* Exercise brief
Without the pictures, retype each line below exactly as it stands.

* Available records
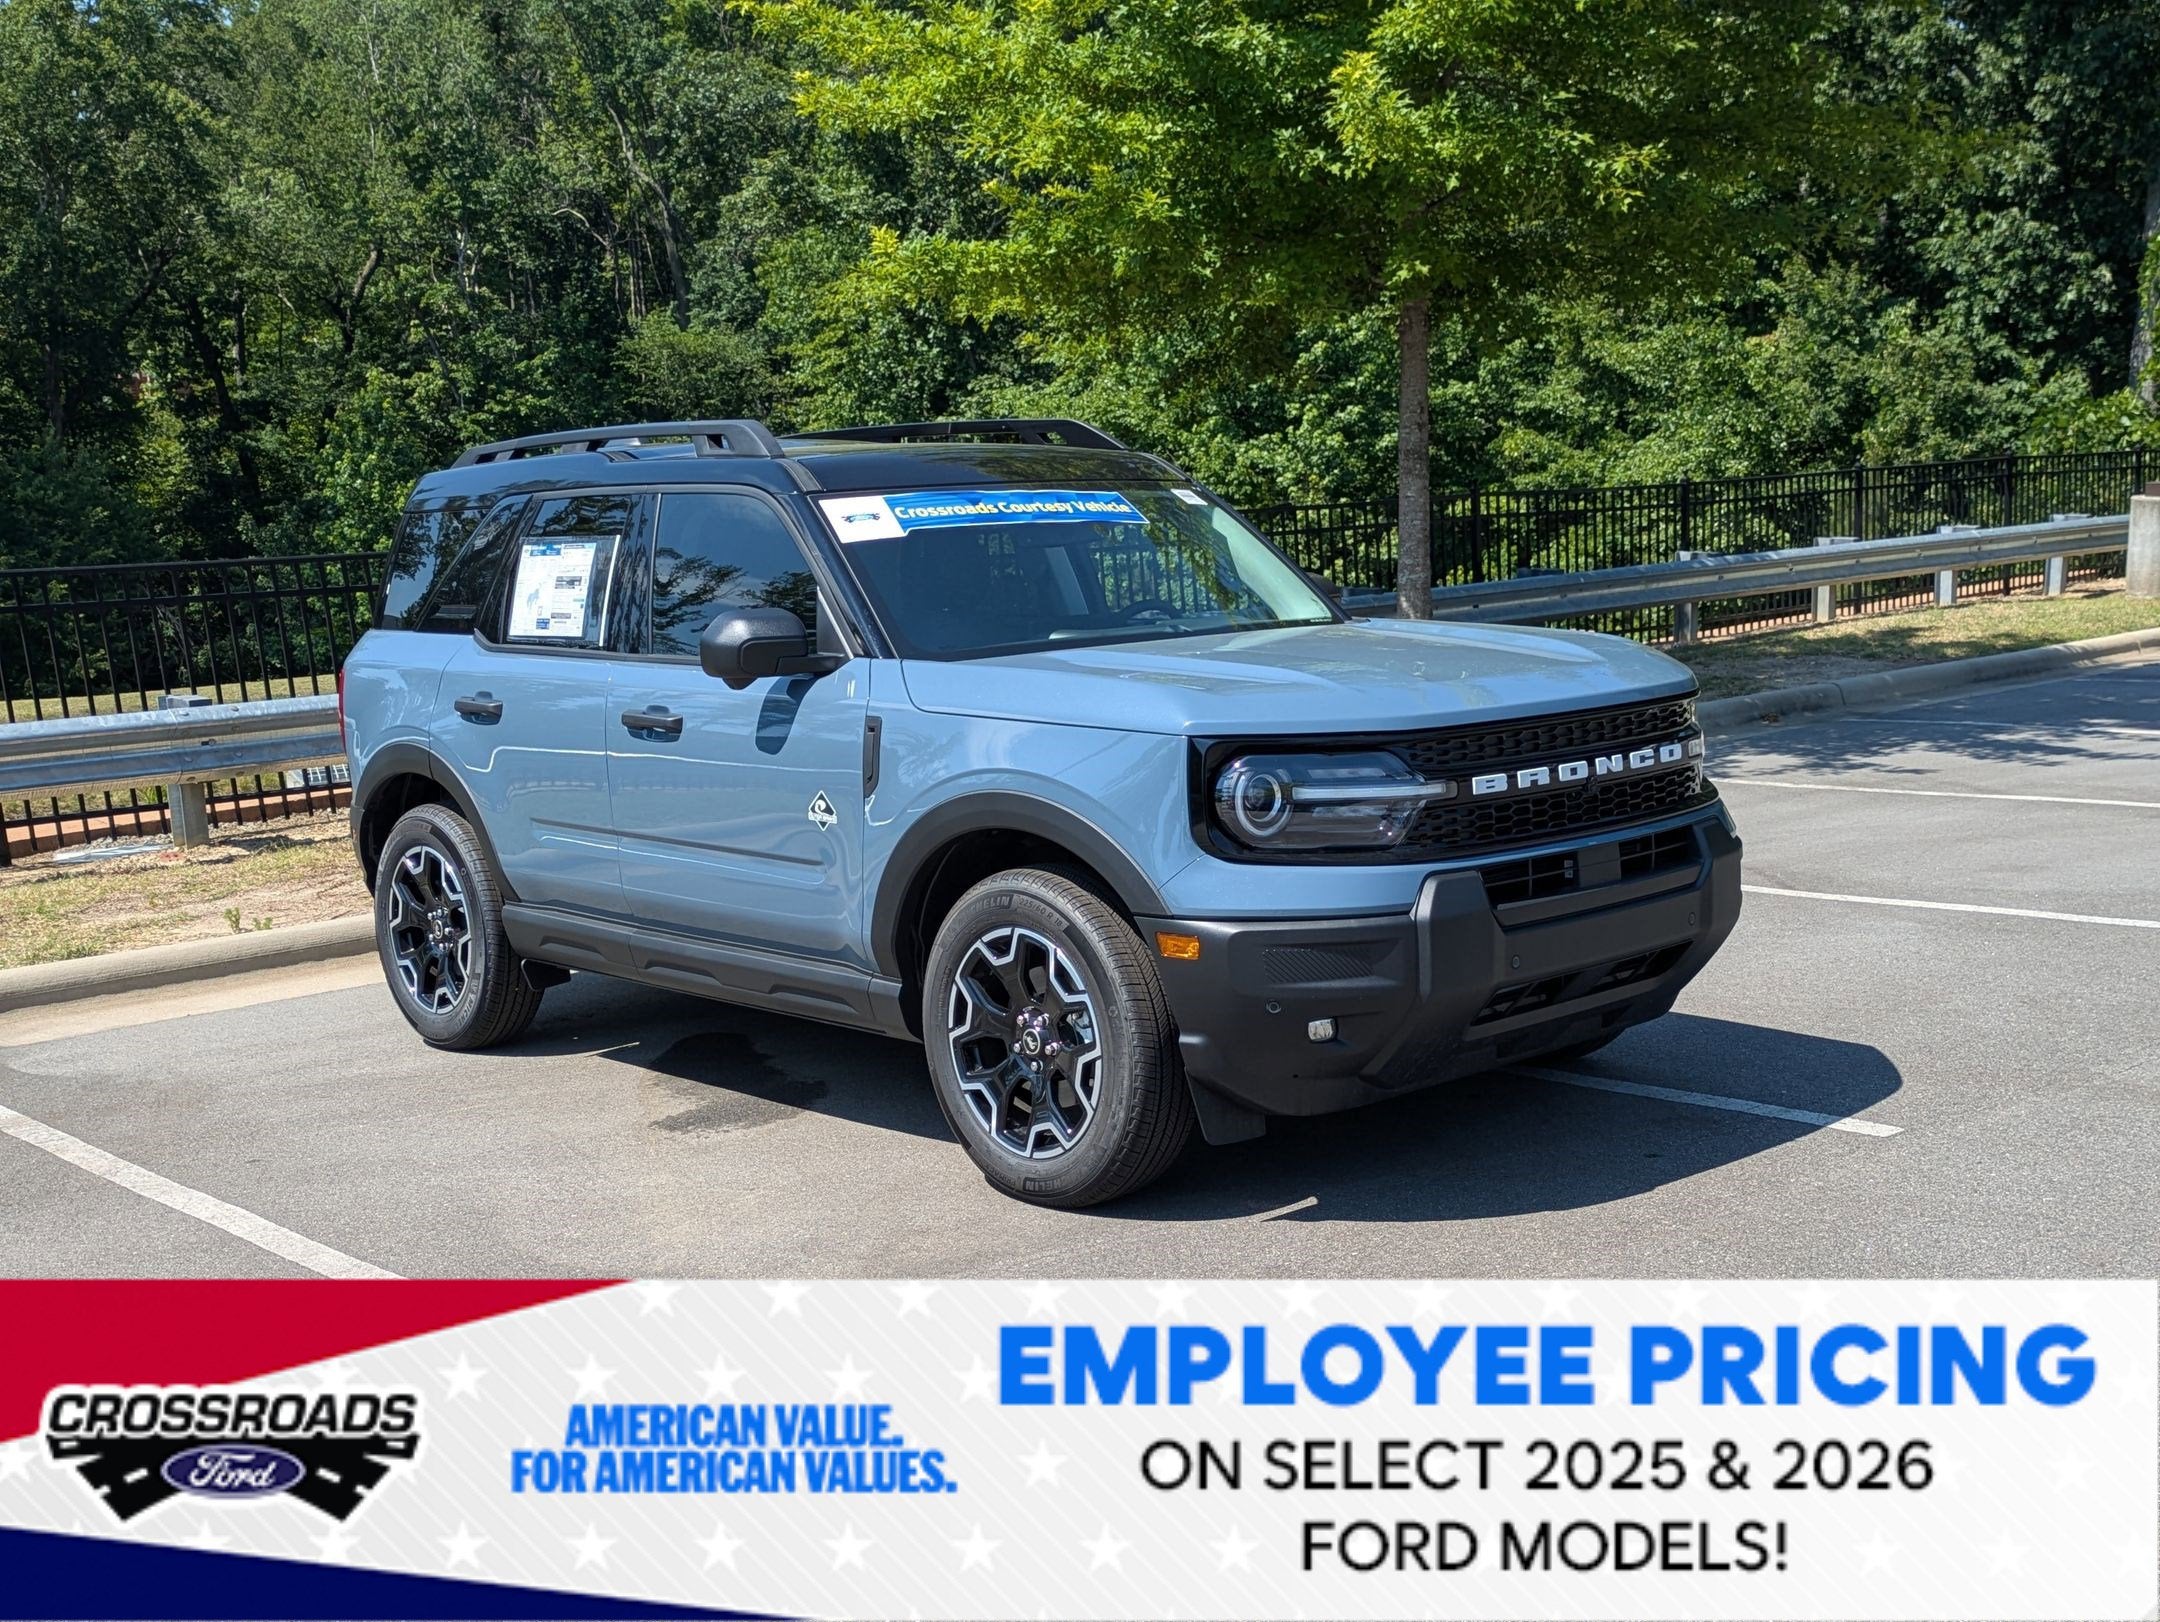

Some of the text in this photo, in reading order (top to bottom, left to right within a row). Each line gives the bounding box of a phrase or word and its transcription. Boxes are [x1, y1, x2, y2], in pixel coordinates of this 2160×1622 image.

[893, 502, 996, 519] Crossroads
[998, 501, 1073, 514] Courtesy
[1071, 501, 1131, 513] Vehicle
[1472, 743, 1682, 796] BRONCO

* Solved problem
Some of the text in this photo, in reading order (top to bottom, left to right within a row). Each line gives the bounding box of a phrase or word and its transcription. Boxes are [x1, y1, x2, y2], in pixel coordinates of this 2160×1622 image.

[893, 502, 996, 519] Crossroads
[998, 501, 1073, 514] Courtesy
[1071, 501, 1131, 513] Vehicle
[1472, 743, 1682, 796] BRONCO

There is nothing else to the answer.